Copy out the data word for word, without any of its pictures.
[[ Stored data open ]]
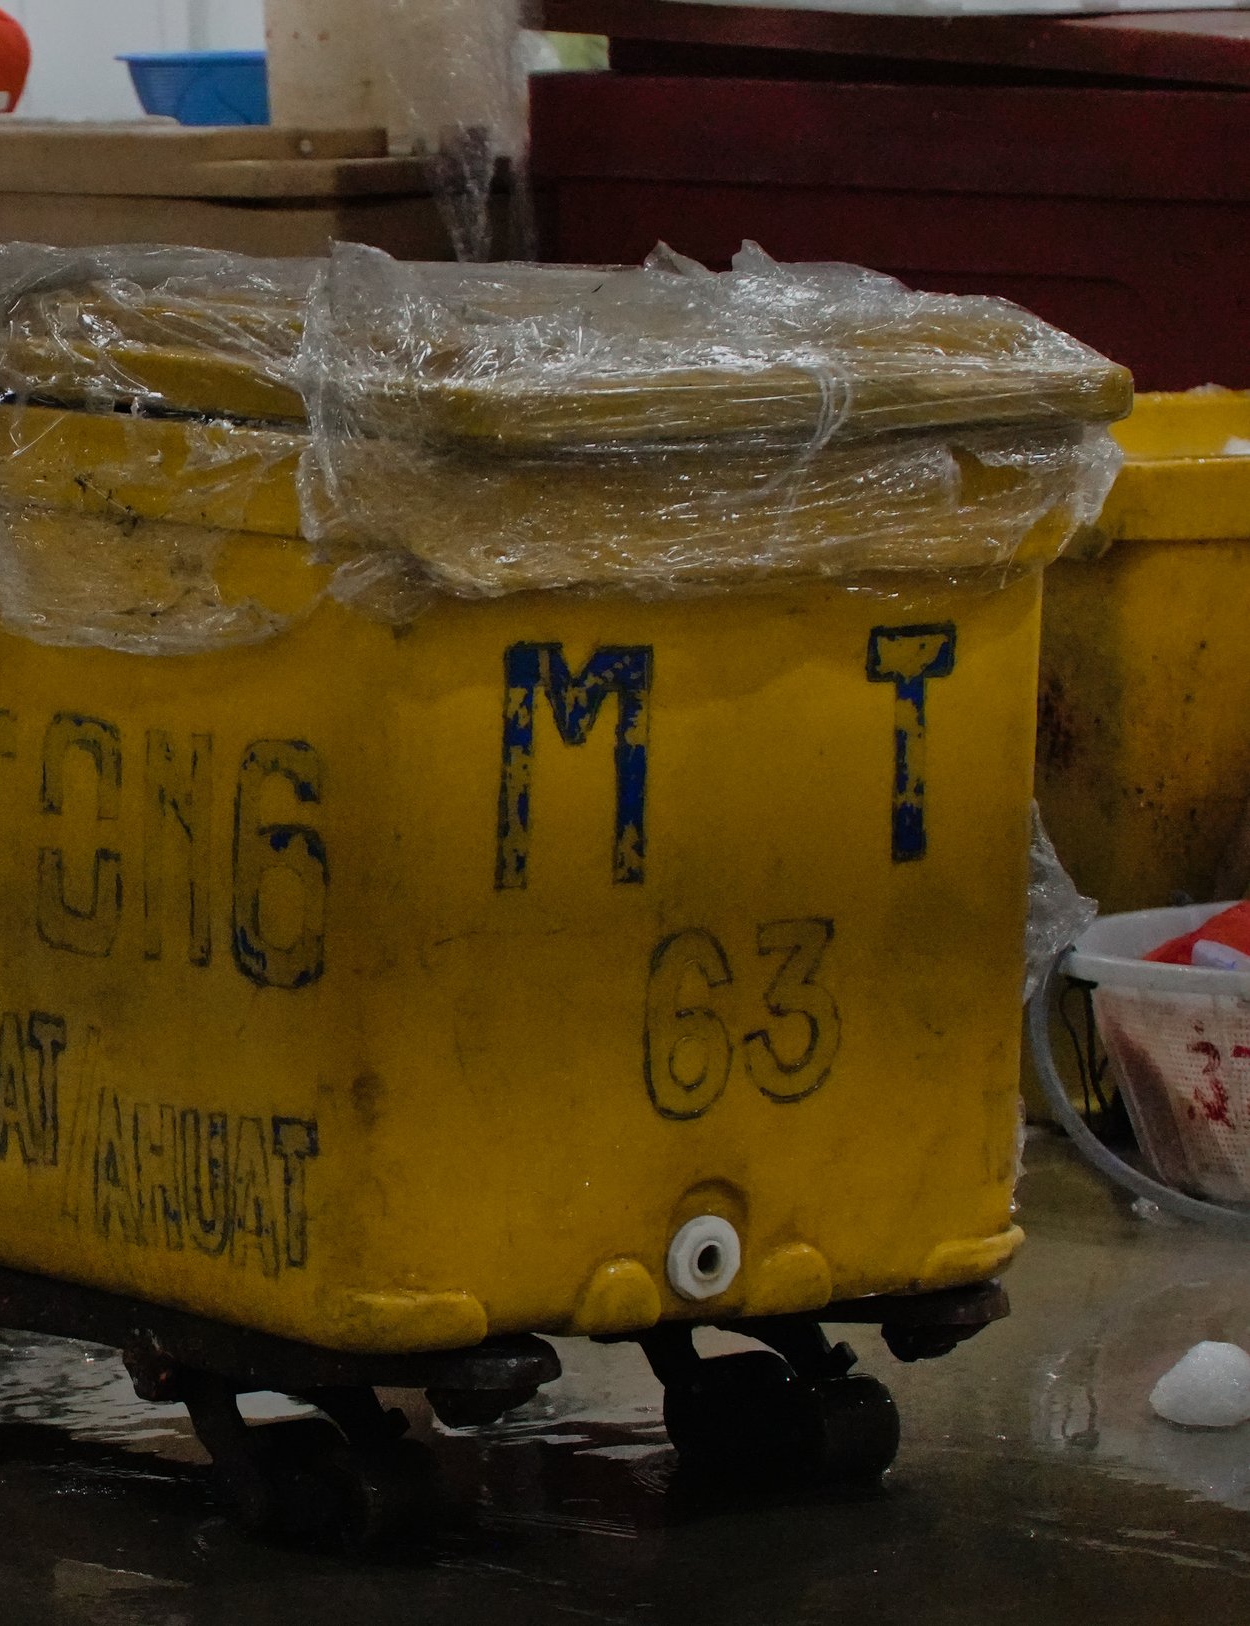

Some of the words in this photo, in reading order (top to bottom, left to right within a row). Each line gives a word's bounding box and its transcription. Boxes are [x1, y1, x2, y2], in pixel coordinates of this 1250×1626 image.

[493, 640, 654, 891] M
[865, 620, 957, 864] T
[642, 916, 842, 1120] 63
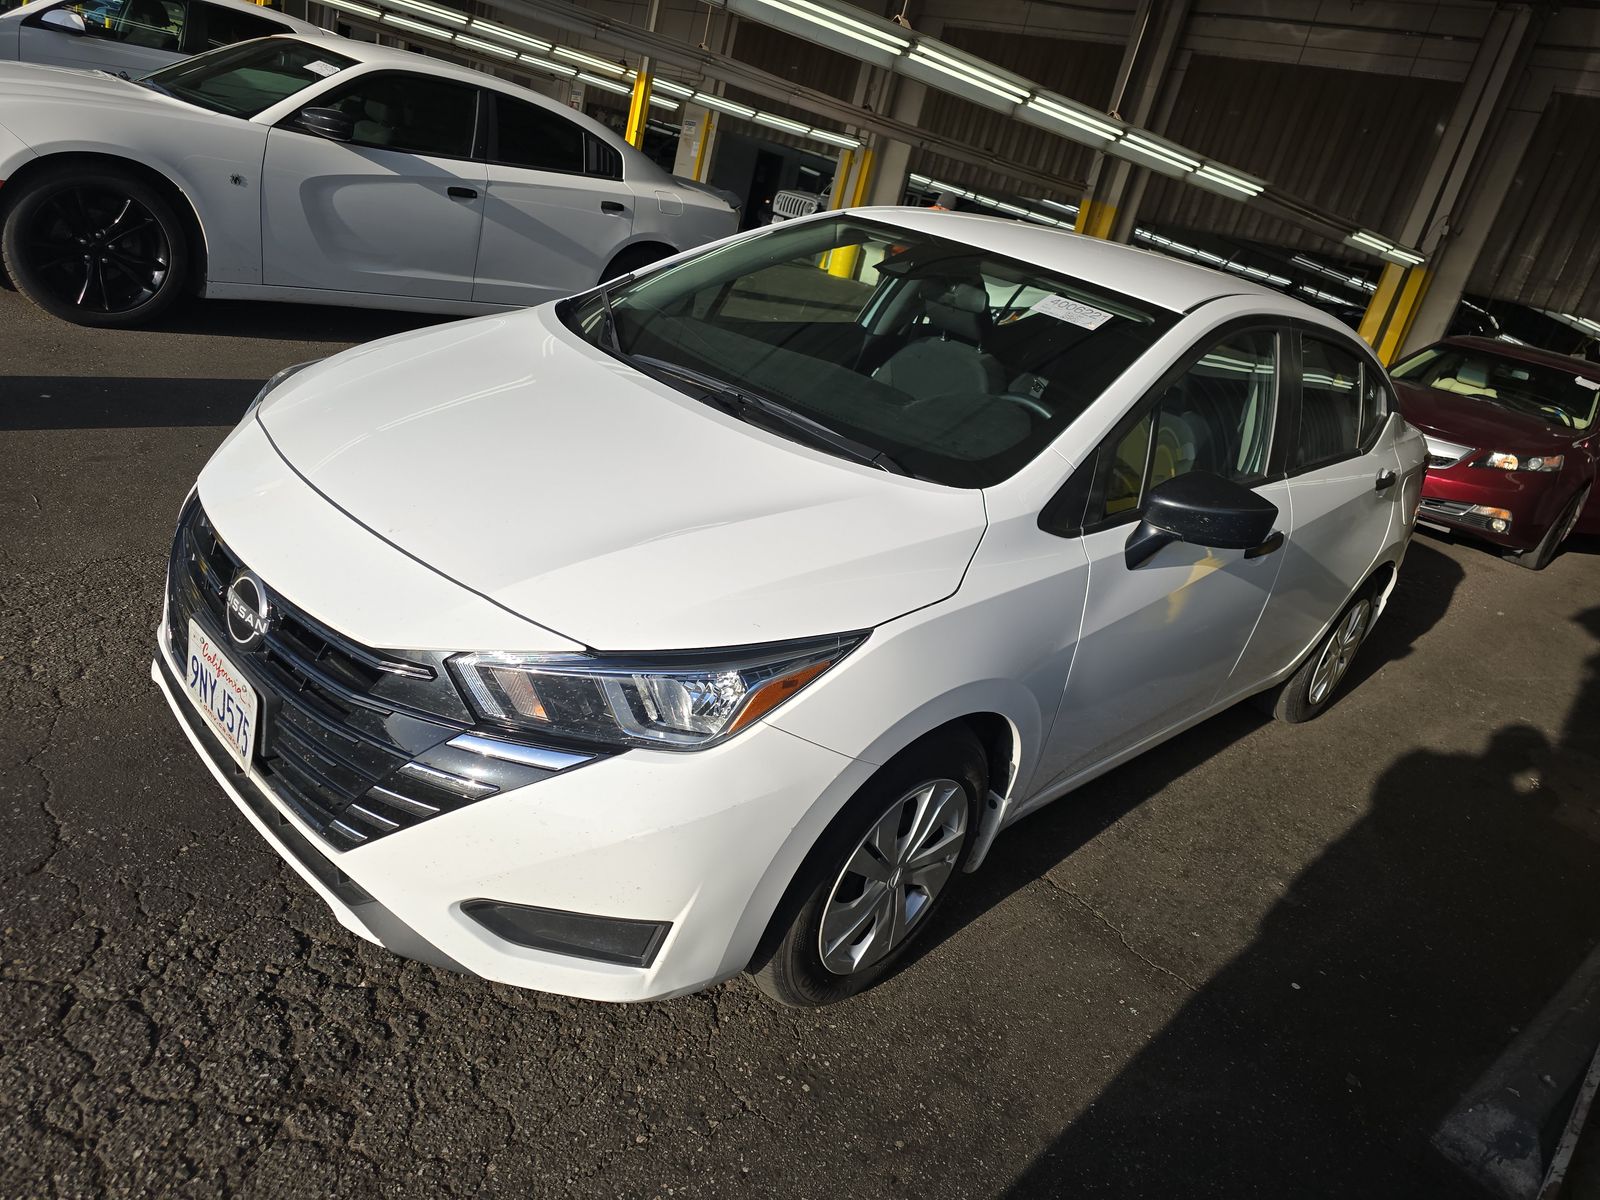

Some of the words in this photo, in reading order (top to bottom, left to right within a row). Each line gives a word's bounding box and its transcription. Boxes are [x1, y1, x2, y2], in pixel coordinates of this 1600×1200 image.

[1050, 298, 1109, 322] 4006221
[227, 590, 267, 634] NISSAN
[202, 642, 245, 703] California
[191, 655, 249, 758] 9NYJ575
[[ Stored data closed ]]
### Written answer
Some of the words in this photo, in reading order (top to bottom, left to right within a row). Each line gives a word's bounding box and its transcription. Boxes are [x1, y1, x2, y2], in pixel coordinates of this 1250×1626 image.

[493, 640, 654, 891] M
[865, 620, 957, 864] T
[642, 916, 842, 1120] 63

Some of the words in this photo, in reading order (top to bottom, left to right within a row). Each line gives a word's bounding box and its transcription. Boxes are [x1, y1, x2, y2], in pixel coordinates of this 1600×1200 image.

[1050, 298, 1109, 322] 4006221
[227, 590, 267, 634] NISSAN
[202, 642, 245, 703] California
[191, 655, 249, 758] 9NYJ575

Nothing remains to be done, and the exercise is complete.